All this change has been spurred by a brutal year for the creative sector.
One group with longstanding experience in this sector, the New York-based Museum Computer Network, has never experienced a year like this, despite working since 1967 to help institutions digitally catalogue their collections.
"A quarter, if not more, of museum operating revenue was gone. Evaporated," said Eric Longo, executive director of MCN.
"At the same time, there was a desperate need for distraction … What we saw [was] a rush [to digitize]."
A year later, he says, museums are in a different place.
Canadian outlook
They've also been helped by emergency government funding. The recently passed U.S. federal rescue plan included hundreds of millions of dollars for the arts and museums.
In Canada, the new federal budget promises tens of millions of dollars for the arts — including for museums and the live music sector, as well as funding for digitization.
Ottawa in recent years has funded digital projects and tutorials for museums, including the National Heritage Digitization Strategy.
Canadian museums also worked together to create an online platform — Field Trip: Art Across Canada — to help people sift through the vast swaths of available content.
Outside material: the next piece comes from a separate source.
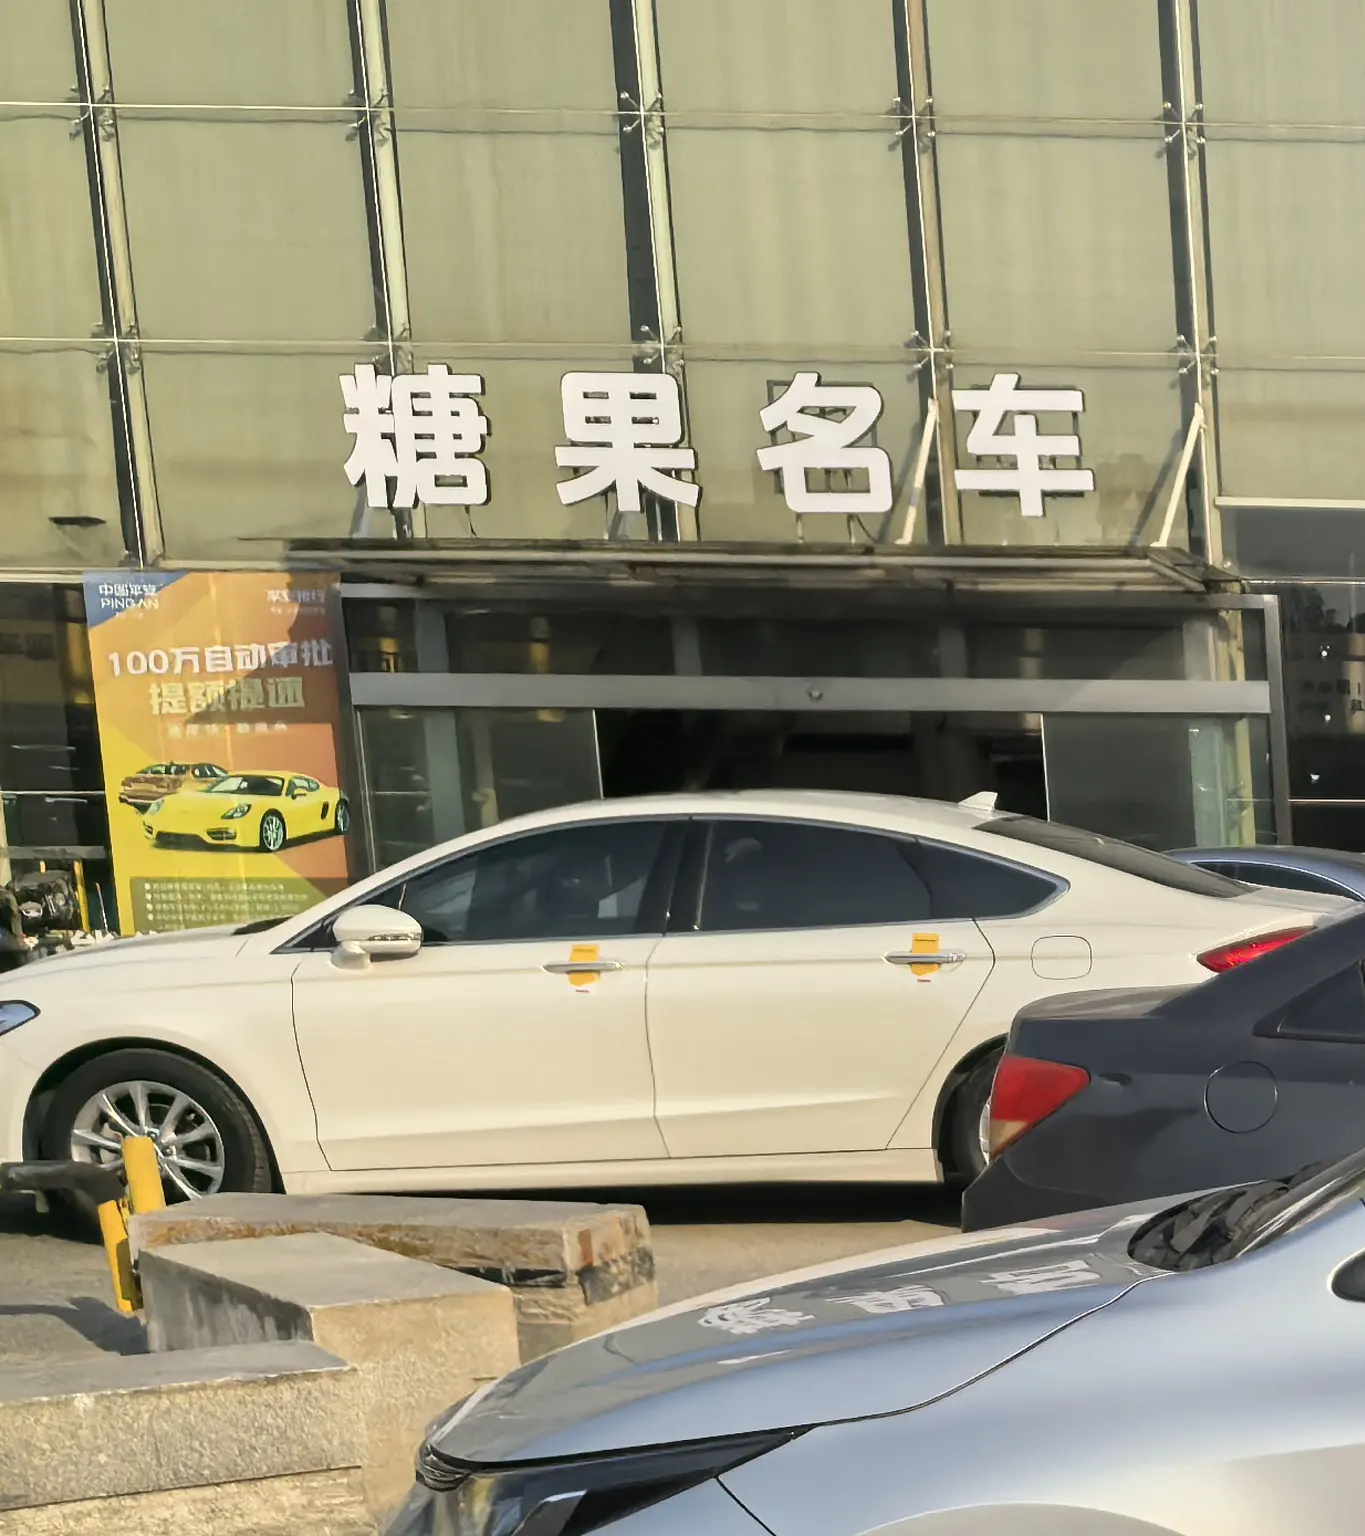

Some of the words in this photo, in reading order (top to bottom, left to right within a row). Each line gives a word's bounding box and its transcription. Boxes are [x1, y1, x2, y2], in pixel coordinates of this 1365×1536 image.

[338, 363, 1096, 518] 糖果名车
[107, 637, 334, 678] 100万自动审批
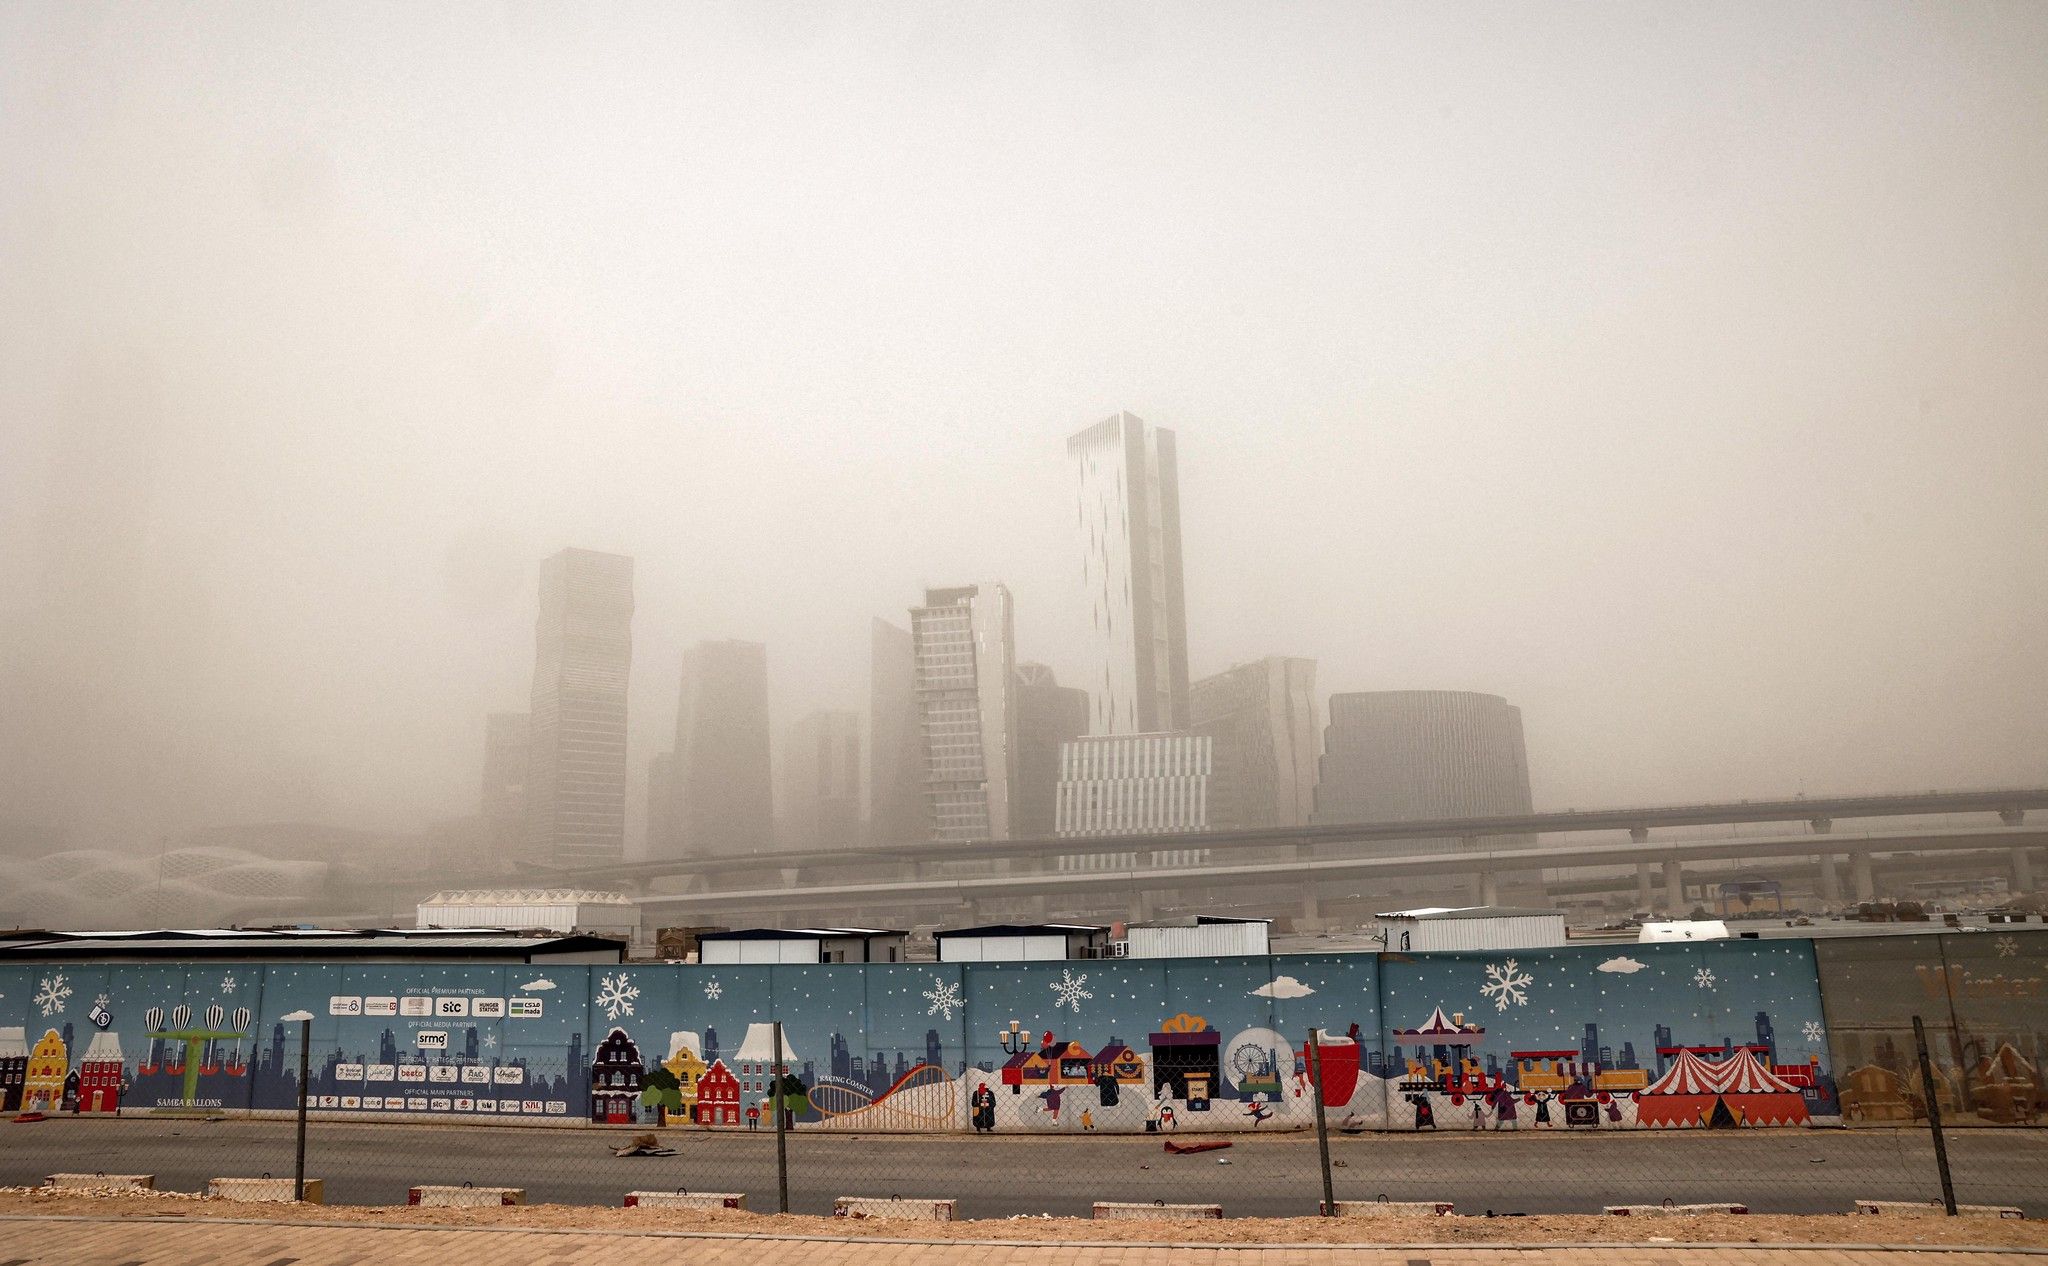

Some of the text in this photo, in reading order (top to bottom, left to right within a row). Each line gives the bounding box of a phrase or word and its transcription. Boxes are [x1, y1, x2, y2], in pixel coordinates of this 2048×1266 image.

The Canadian Museum of History has online exhibits on New France and on Indigenous painter Alex Janvier's work Morning Star.
The National Gallery of Canada has tutorials on some of its best-known paintings, such as Barnett Newman's Voice of Fire, and annotated pictures from the 19th century.
The big get bigger, the smaller suffer
Even so, Spellerberg says his data has discouraging implications for museums.
Despite this historic opportunity for online learning, with hundreds of millions of people locked out of public spaces, he says traffic to museum websites plummeted last year.
He began gathering data from 20 museums, mostly American, when the coronavirus struck, and says all but a couple saw their web traffic go down. The average decrease, he says, was 13 per cent.
"The pandemic hits — and you see everybody's numbers just drop off," he said.
How can that be? Spellerberg says most people still use museum websites to plan a visit — check opening hours, buy tickets or scan information on exhibits or collections.
Two institutions that were exceptions to his rule happened to be the largest on his list. The Metropolitan Museum in New York and PBS's interactive museums pages saw web traffic increase.
"The big become bigger," said Dimitrios Latsis, an expert in visual data curation and film studies at Ryerson University in Toronto, and a former Smithsonian fellow.
"Most of what has been occasioned by the pandemic is just an acceleration — an acceleration of trends that were already underway."